What is fascinating about the issue of health care reform is what the debate tells us about how various people view government. The framing and what people zero in on is revealing, just as it was in Nixon’s day. On the one hand, a non-partisan group of public policy experts writes that over the last decade, “Washington has neglected to make appropriate policy adjustments in light of demographic changes. The country is not only getting more populous; it is getting older. Aging has significant implications for the country’s economic outlook, its fiscal policy, the balance of domestic politics, military capacities, and intergenerational equity issues.”

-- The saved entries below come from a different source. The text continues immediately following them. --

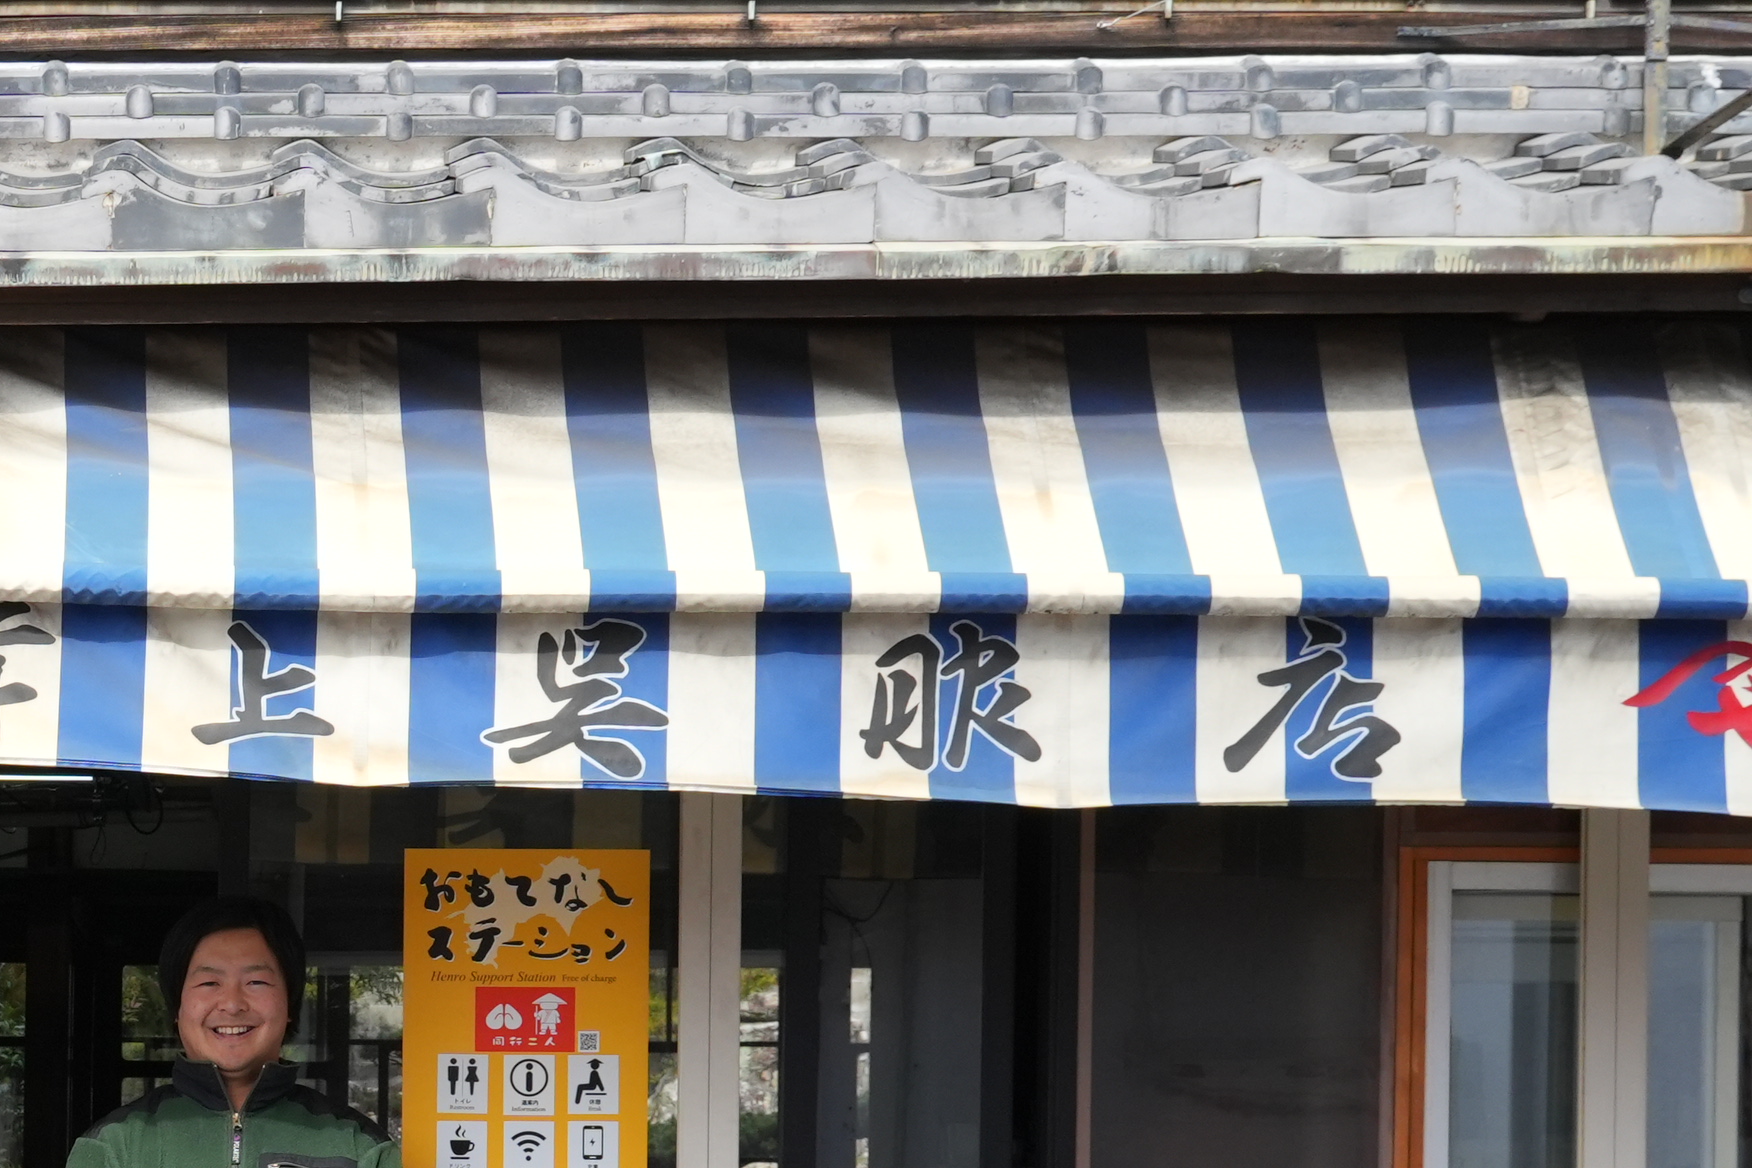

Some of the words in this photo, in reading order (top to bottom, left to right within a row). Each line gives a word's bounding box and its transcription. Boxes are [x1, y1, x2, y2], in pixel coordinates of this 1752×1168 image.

[427, 917, 628, 964] ステーション
[431, 970, 466, 983] Henro
[470, 970, 514, 985] Support
[517, 970, 557, 983] Station
[562, 973, 580, 983] Free
[581, 973, 590, 983] of
[591, 973, 617, 985] charge

The experts focus on the unstainability of the current path Medicare is on. On the potential for inter-generational conflict. On the importance of preventive care and wellness education, which play a role in reducing health care costs under private plans and under Medicare. If people get care earlier in life or receive advice on lifestyle choices such as healthy eating, exercise, avoiding smoking, reducing alcohol intake, they might reduce the chances of getting diabetes, heart disease, and cancer. Early detection too is important. Better to catch something at the outset when it may be curable than too late, when a patient may undergo costly and lengthy procedures which ultimately have little effect, cost a great deal in money and psychic stress, but don’t prevent early death.

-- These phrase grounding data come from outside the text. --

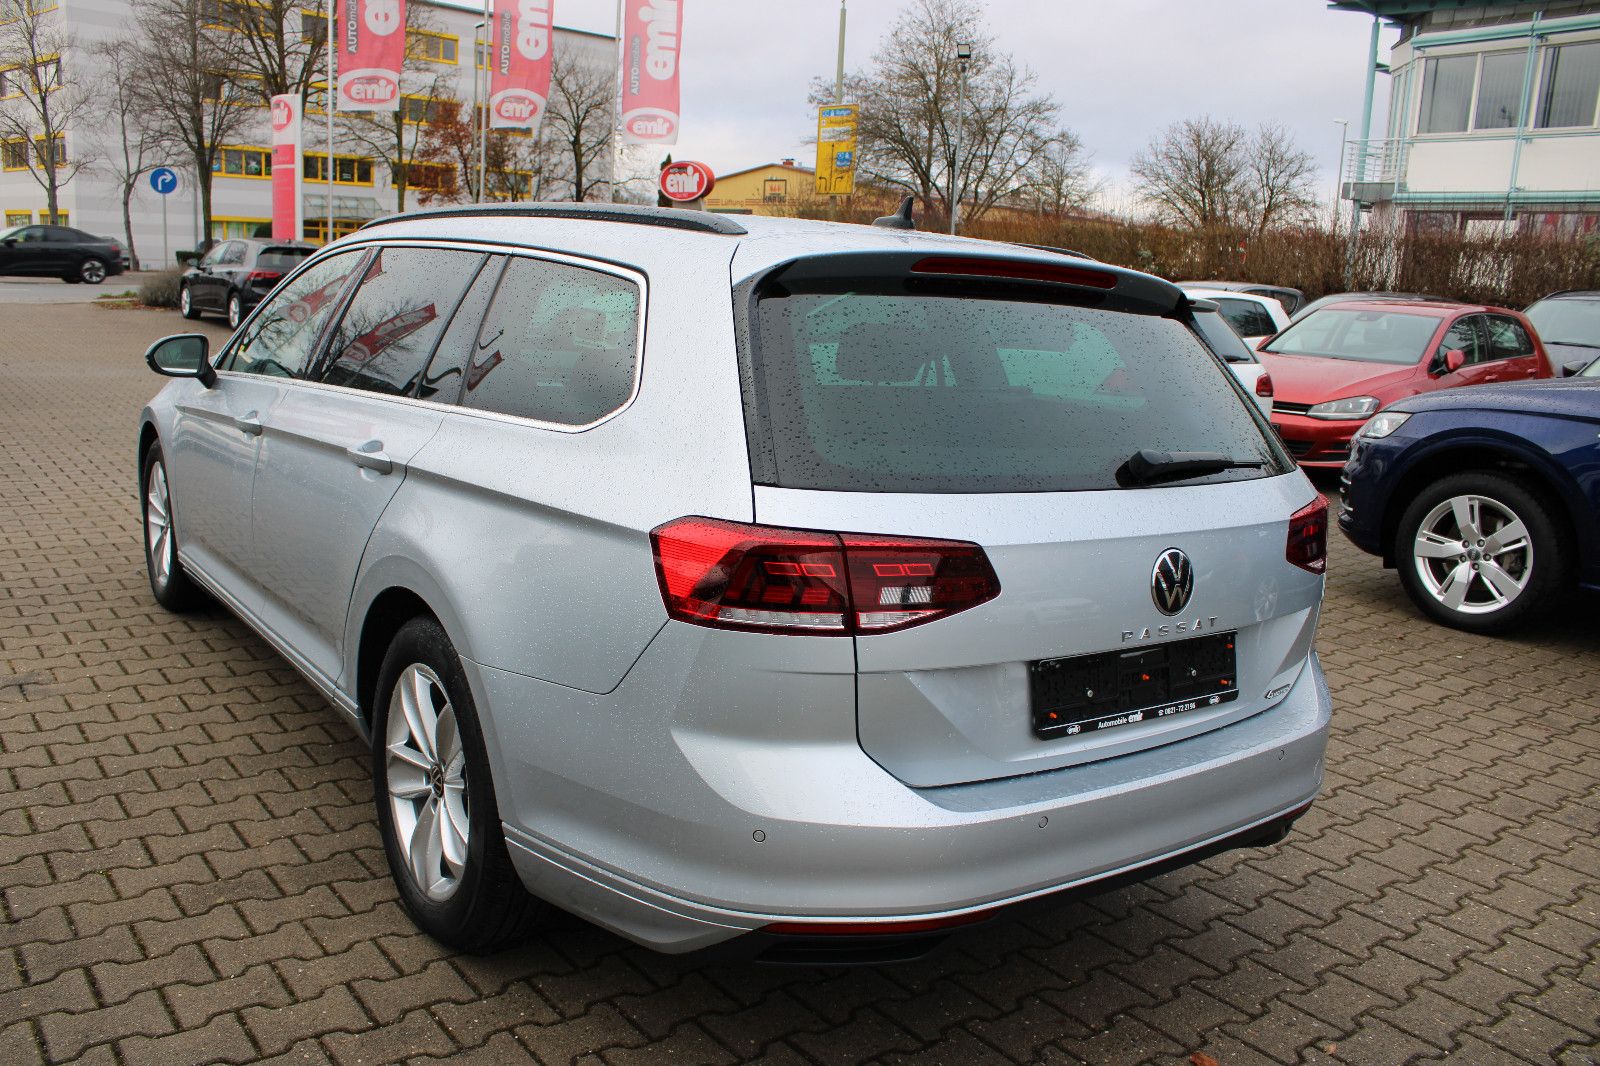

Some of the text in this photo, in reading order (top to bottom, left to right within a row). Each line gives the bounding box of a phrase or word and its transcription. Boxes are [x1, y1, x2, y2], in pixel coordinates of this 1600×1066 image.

[501, 11, 511, 75] AUTOmobile
[350, 79, 393, 99] emir
[500, 100, 534, 117] emir
[632, 118, 670, 134] emir
[666, 165, 699, 192] emir
[1122, 616, 1218, 642] PASSAT
[1098, 717, 1127, 729] Automobile
[1128, 710, 1143, 722] emir

Not all citizens see the issues as policy experts do. No more than they did in Nixon’s day, when policy experts talking about the domino theory, about the need for nations to project military power. Then as now, some people express inchoate fears that reflect their fundamental view of government. Some don’t necessarily recognize that Medicare is a government run program. That they already benefit from a federal program their children and grandchildren may not have available to them at the same level in their old age, if costs are not controlled, revenue shortfalls addressed and levels of preventive do not rise.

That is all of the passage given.